Contrast this attitude to the people who, late Thanksgiving night, lined up and waited for hours because they had faith that the stores would honor their flyers and give them a bargain. They were ready. These people wanted to be part of what the store was doing. In anxious expectation, shoppers took all necessary measures to be in a place to reap the promises of the flyers. Promises such as: Save $100 on laptops while supplies last. Buy one plastic super-hero action figure, get the second one free. Scores of people responded to these advertisements by showing up in expectation.
Fellow Christians, we have more than a store flyer. We have the word of God that stretches back centuries and offers God’s promises to the world. The offer is more than saving a few bucks. The offer is to experience God and be a part of his eternal plan. As people of faith, shouldn’t we be like Anna and Simeon? Shouldn’t we be at least as expectant as those who were looking to save $100 on a TV? Shouldn’t we be ready to get in on what God is doing? Yes, we should be expectant enough to gather at the doors of heaven and say, “God we are here! We are responding to your flyer, and we will take you up on your offer and promises.” In prayer we, like Simeon and Anna, ready ourselves for God’s work every day.
What has God offered and promised? Too many things to include in one sermon, but here is one promise that Simeon and Anna’s faith exemplifies: “This is the confidence we have in approaching God: that if we ask anything according to his will, he hears us. And if we know that he hears us– whatever we ask– we know that we have what we asked of him.” (1 John 5:14-15) If we ask according to God’s will, we know we have what we ask for. Anna knew it was God’s will (because he promised) to send a savior, so she asked for 70 years. Anna asked until God granted her request in a way that she was able to participate. She readied herself because she trusted that God would keep his promises.
Do we have that same faith in God’s promises to be expecting any day for God to move? In expectation, we must continue to go to God saying, “Let me in on what you are doing Lord! I saw your flyer, I am here taking you up on the offer that if I ask for anything according to your will – I will have it.” Again, that promise is only one among many. We can take God up on any number of other biblical promises and confidently ask in expectation.
Anna and Simeon daily expected and asked for God to send his Messiah because they knew that was God’s will and plan. They expectantly asked God to carry out his will in their lifetime, and they were ready to participate in his plan. Are we expecting, or asking for, anything this Christmas—other than singing a few carols, exchanging a few trinkets, and having a safe few days off? Are we ready if God fulfills his promises today?

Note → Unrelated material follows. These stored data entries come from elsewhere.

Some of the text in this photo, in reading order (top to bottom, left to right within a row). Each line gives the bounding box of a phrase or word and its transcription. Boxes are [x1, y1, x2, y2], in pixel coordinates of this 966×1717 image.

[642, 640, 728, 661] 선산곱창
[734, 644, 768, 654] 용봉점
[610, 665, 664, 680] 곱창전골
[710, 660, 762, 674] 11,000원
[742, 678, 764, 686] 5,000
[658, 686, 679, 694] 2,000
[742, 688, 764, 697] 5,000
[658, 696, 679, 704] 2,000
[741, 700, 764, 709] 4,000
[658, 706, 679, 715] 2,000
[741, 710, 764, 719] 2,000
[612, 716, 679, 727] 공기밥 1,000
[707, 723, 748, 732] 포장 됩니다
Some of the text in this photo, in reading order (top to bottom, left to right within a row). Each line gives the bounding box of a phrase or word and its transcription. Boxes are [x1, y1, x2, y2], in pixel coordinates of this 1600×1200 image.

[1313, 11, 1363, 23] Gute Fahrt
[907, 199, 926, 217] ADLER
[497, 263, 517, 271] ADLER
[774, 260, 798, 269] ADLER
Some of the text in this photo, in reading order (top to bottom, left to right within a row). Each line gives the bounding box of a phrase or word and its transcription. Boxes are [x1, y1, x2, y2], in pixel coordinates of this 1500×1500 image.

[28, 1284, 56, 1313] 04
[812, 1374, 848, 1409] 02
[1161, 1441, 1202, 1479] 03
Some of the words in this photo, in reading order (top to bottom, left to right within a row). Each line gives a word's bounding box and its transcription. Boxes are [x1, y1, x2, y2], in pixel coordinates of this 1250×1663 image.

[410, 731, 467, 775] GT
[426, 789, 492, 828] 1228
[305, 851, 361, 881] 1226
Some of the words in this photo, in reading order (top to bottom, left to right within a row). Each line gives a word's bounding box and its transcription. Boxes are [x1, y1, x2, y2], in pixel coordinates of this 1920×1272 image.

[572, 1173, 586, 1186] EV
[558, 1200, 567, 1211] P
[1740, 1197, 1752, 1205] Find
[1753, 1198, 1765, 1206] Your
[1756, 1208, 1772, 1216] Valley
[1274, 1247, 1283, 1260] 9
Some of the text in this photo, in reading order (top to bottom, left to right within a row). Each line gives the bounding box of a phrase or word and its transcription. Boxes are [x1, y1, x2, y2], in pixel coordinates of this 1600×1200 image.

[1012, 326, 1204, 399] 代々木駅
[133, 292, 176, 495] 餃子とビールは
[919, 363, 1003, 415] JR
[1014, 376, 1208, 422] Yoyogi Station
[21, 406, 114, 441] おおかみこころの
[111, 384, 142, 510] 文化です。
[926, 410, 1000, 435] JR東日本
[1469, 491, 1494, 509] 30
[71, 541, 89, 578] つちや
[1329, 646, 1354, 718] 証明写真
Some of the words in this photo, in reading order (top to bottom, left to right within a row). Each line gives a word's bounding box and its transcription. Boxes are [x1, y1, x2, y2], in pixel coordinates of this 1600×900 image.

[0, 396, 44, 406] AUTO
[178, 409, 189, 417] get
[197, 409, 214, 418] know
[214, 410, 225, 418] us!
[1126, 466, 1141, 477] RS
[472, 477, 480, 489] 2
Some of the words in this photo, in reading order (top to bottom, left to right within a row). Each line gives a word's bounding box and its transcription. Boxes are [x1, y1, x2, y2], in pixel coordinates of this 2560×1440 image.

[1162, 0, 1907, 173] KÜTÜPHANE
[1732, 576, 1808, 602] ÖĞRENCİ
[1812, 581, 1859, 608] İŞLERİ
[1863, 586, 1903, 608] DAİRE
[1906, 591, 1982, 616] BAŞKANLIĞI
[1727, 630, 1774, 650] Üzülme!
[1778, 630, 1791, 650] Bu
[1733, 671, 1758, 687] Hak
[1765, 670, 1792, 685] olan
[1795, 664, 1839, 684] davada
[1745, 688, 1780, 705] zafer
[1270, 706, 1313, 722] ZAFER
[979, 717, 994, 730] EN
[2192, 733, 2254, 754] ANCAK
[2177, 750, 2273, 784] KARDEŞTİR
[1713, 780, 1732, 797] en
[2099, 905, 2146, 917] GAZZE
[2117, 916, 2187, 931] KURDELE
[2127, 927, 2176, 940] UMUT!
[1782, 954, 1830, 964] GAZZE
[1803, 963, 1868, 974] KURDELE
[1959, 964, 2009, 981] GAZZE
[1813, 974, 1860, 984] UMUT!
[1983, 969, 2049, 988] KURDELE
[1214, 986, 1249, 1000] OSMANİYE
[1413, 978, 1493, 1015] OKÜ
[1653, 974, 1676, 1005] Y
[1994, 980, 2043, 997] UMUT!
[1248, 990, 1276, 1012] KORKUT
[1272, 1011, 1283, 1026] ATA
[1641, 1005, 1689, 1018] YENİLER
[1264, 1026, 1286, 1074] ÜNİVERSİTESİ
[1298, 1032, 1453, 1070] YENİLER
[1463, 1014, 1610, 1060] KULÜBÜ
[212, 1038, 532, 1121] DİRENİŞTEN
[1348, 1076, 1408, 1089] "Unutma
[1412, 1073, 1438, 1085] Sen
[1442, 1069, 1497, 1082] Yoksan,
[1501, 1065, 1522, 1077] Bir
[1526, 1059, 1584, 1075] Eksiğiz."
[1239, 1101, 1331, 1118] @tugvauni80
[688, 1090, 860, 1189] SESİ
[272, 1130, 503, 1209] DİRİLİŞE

Christmas is a proclamation that God honors his promises. Let us start this Christmas season by repenting of our lack of expectation and faith. Let us expectantly ask in faith for God to move as he said he would move—the act of asking in itself readies our hearts. Let us ask in faith to experience his will and plan in our lives today. Like Simeon and Anna do we have the expectant faith to daily ask the Lord, “Is today the day? Lord let it be today that you save a soul, that you transform a family, that you move in a powerful way – and Lord let us participate in carrying out your will and work today.”